*** Record set
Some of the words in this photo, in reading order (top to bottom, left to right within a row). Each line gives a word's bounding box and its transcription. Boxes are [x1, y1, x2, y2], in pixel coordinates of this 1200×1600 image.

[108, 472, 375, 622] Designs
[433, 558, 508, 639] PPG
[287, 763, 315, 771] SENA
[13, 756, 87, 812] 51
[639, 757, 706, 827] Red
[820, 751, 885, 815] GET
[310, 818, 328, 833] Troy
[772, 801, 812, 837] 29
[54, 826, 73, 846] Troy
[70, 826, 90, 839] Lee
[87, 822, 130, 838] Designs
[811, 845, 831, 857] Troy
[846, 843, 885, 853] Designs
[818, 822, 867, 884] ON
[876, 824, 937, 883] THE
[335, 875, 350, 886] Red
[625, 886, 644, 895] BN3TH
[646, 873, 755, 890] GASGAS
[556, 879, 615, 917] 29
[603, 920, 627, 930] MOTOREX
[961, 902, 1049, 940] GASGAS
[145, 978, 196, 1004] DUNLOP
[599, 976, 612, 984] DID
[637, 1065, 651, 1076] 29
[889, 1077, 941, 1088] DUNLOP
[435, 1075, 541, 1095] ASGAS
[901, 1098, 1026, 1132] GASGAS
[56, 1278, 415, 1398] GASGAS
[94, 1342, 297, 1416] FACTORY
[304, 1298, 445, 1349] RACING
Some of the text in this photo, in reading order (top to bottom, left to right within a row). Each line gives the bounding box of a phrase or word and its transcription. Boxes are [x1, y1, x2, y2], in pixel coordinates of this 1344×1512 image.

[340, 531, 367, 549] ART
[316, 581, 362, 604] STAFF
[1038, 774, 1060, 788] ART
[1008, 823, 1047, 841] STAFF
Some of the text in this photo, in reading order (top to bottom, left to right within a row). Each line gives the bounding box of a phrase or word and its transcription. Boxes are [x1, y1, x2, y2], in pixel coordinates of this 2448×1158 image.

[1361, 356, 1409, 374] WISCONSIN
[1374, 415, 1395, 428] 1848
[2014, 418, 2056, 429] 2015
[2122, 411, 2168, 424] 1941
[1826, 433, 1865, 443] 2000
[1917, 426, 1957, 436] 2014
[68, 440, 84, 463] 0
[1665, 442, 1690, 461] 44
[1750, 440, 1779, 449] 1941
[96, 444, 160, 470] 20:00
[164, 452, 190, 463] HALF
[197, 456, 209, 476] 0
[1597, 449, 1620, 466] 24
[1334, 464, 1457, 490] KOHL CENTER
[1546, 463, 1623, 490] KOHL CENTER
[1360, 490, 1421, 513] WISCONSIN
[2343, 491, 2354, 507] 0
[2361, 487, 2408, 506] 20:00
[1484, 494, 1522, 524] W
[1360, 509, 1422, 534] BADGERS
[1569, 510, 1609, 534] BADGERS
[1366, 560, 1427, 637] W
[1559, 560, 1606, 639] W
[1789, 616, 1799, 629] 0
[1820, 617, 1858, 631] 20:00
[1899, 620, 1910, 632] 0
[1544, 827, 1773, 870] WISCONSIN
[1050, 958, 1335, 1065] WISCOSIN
******
> **To do**
Having read the entries above, restate them all word for word.

> **Answer to the problem**
Some of the words in this photo, in reading order (top to bottom, left to right within a row). Each line gives a word's bounding box and its transcription. Boxes are [x1, y1, x2, y2], in pixel coordinates of this 1200×1600 image.

[108, 472, 375, 622] Designs
[433, 558, 508, 639] PPG
[287, 763, 315, 771] SENA
[13, 756, 87, 812] 51
[639, 757, 706, 827] Red
[820, 751, 885, 815] GET
[310, 818, 328, 833] Troy
[772, 801, 812, 837] 29
[54, 826, 73, 846] Troy
[70, 826, 90, 839] Lee
[87, 822, 130, 838] Designs
[811, 845, 831, 857] Troy
[846, 843, 885, 853] Designs
[818, 822, 867, 884] ON
[876, 824, 937, 883] THE
[335, 875, 350, 886] Red
[625, 886, 644, 895] BN3TH
[646, 873, 755, 890] GASGAS
[556, 879, 615, 917] 29
[603, 920, 627, 930] MOTOREX
[961, 902, 1049, 940] GASGAS
[145, 978, 196, 1004] DUNLOP
[599, 976, 612, 984] DID
[637, 1065, 651, 1076] 29
[889, 1077, 941, 1088] DUNLOP
[435, 1075, 541, 1095] ASGAS
[901, 1098, 1026, 1132] GASGAS
[56, 1278, 415, 1398] GASGAS
[94, 1342, 297, 1416] FACTORY
[304, 1298, 445, 1349] RACING
Some of the text in this photo, in reading order (top to bottom, left to right within a row). Each line gives the bounding box of a phrase or word and its transcription. Boxes are [x1, y1, x2, y2], in pixel coordinates of this 1344×1512 image.

[340, 531, 367, 549] ART
[316, 581, 362, 604] STAFF
[1038, 774, 1060, 788] ART
[1008, 823, 1047, 841] STAFF
Some of the text in this photo, in reading order (top to bottom, left to right within a row). Each line gives the bounding box of a phrase or word and its transcription. Boxes are [x1, y1, x2, y2], in pixel coordinates of this 2448×1158 image.

[1361, 356, 1409, 374] WISCONSIN
[1374, 415, 1395, 428] 1848
[2014, 418, 2056, 429] 2015
[2122, 411, 2168, 424] 1941
[1826, 433, 1865, 443] 2000
[1917, 426, 1957, 436] 2014
[68, 440, 84, 463] 0
[1665, 442, 1690, 461] 44
[1750, 440, 1779, 449] 1941
[96, 444, 160, 470] 20:00
[164, 452, 190, 463] HALF
[197, 456, 209, 476] 0
[1597, 449, 1620, 466] 24
[1334, 464, 1457, 490] KOHL CENTER
[1546, 463, 1623, 490] KOHL CENTER
[1360, 490, 1421, 513] WISCONSIN
[2343, 491, 2354, 507] 0
[2361, 487, 2408, 506] 20:00
[1484, 494, 1522, 524] W
[1360, 509, 1422, 534] BADGERS
[1569, 510, 1609, 534] BADGERS
[1366, 560, 1427, 637] W
[1559, 560, 1606, 639] W
[1789, 616, 1799, 629] 0
[1820, 617, 1858, 631] 20:00
[1899, 620, 1910, 632] 0
[1544, 827, 1773, 870] WISCONSIN
[1050, 958, 1335, 1065] WISCOSIN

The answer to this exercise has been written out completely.